Niet dus. Observeer eerst een tijdje in stilte. ‘Lees’ de wedstrijd. Noteer – in je hoofd
of op papier – zaken die je opvallen in het aanvallen en verdedigen. Stel jezelf daarbij
steeds vragen. Wat zie ik? Niet: wat dénk ik over de snelle 2-0 achterstand. Niet: wat
vínd ik van dit matige spel. Wel: we lijden twee keer balverlies in de opbouw door
een onzuivere pass, niet met de binnenkant van de voet gegeven. Daardoor pakt de
tegenpartij de bal af en maakt een doelpunt.
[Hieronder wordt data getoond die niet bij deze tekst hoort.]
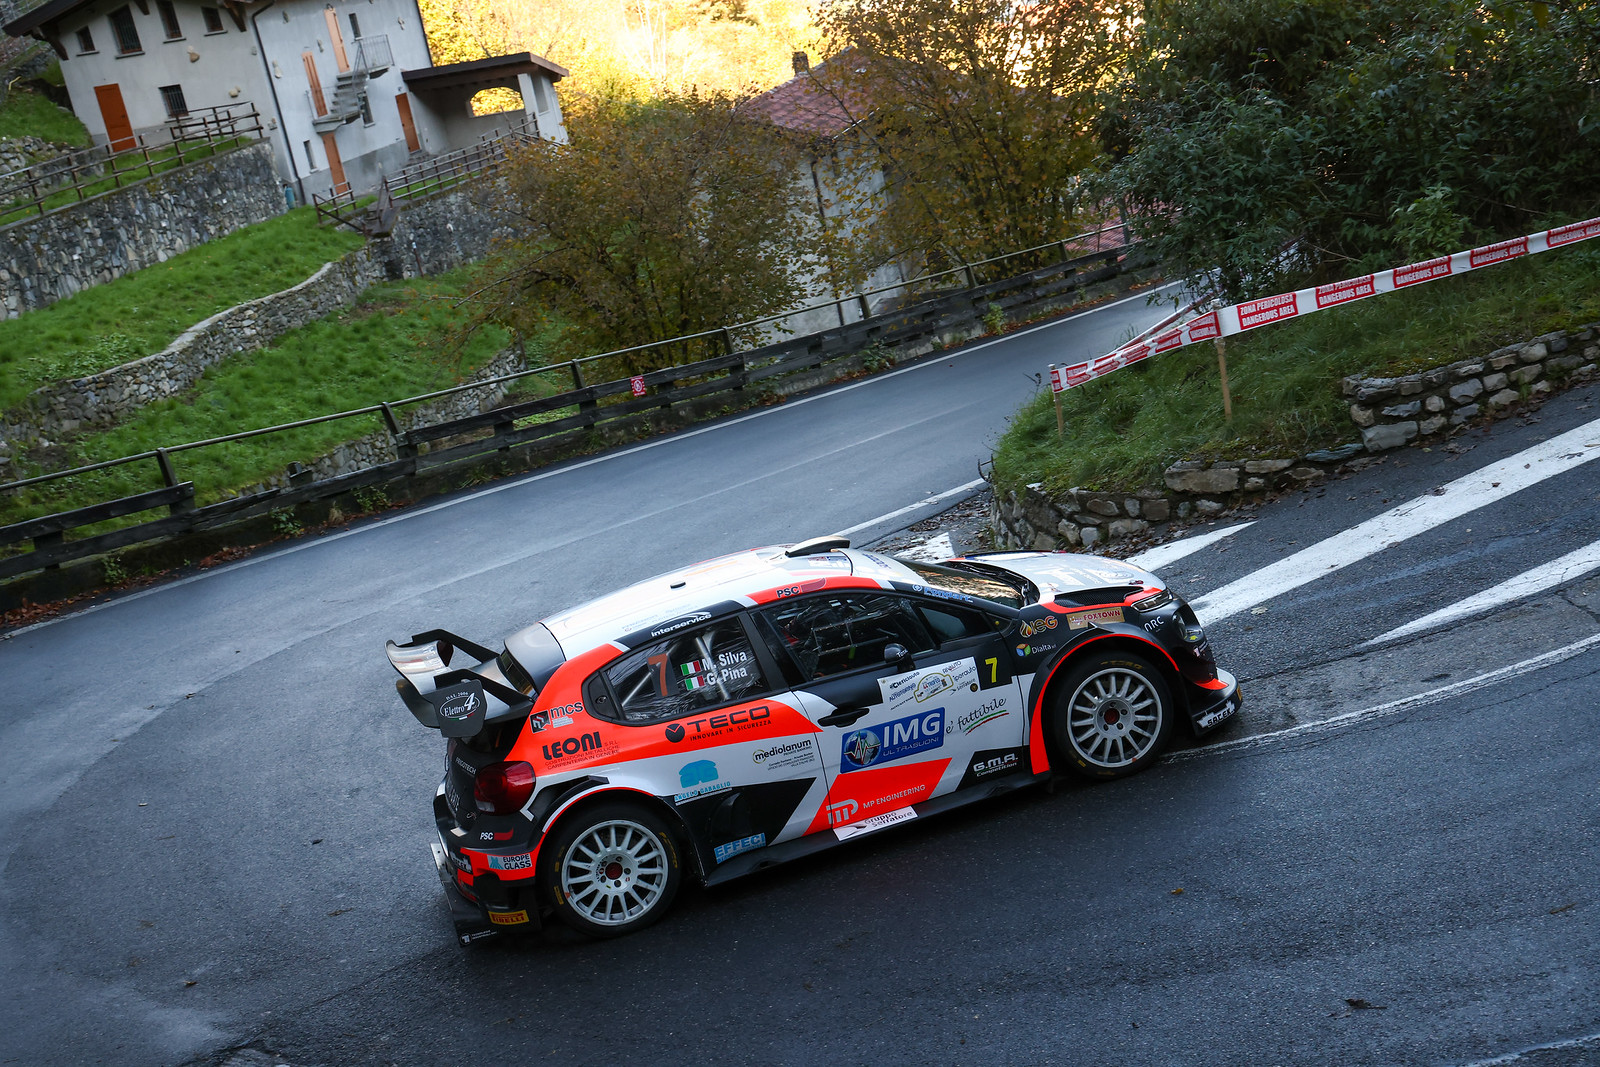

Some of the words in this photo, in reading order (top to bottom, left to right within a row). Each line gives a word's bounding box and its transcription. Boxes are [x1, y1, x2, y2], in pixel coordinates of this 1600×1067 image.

Bedenk je hierbij welke accenten vorige
week zaterdag en op de training aan de orde zijn gekomen. Wat stond centraal in de
wedstrijd? Waar hebben we eigenlijk op getraind? Wat wilden we bereiken? Is het
een beetje gelukt?
Hoewel jouw spelers nu hartstochtelijk bezig lijken te zijn met winnen of verliezen,
jou mag het daar nooit om gaan. Vergeet tussenstand, eindresultaat, stand op de
ranglijst en witte zakdoekjes van ouders. Zelfs de spelers zijn niet langer dan een
paar minuten per week bezig met het scorebord. Het gaat erom dat ze zo vaak en
doelgericht mogelijk betrokken zijn bij de bal. Laat ze ervaren of de eigen keuze het
gewenste resultaat heeft. Dat winnen komt dan vanzelf.
De centrale opdracht van jou als coach is dan ook, in alle onvoorspelbare situaties
die zich deze zaterdagochtend voor jouw ogen ontwikkelen, spelers te stimuleren
steeds weer te proberen de bal richting het doel van de tegenpartij te krijgen. Drib-
belend, trappend, rennend, vallend en opstaand. Omdat spelers van de tegenpartij
het tegenovergestelde proberen, zijn jouw coachopmerkingen in eerste instantie heel
simpel.
‘Probeer de bal weer af te pakken!
‘Doe mee! Zorg ervoor dat je de bal kunt krijgen!’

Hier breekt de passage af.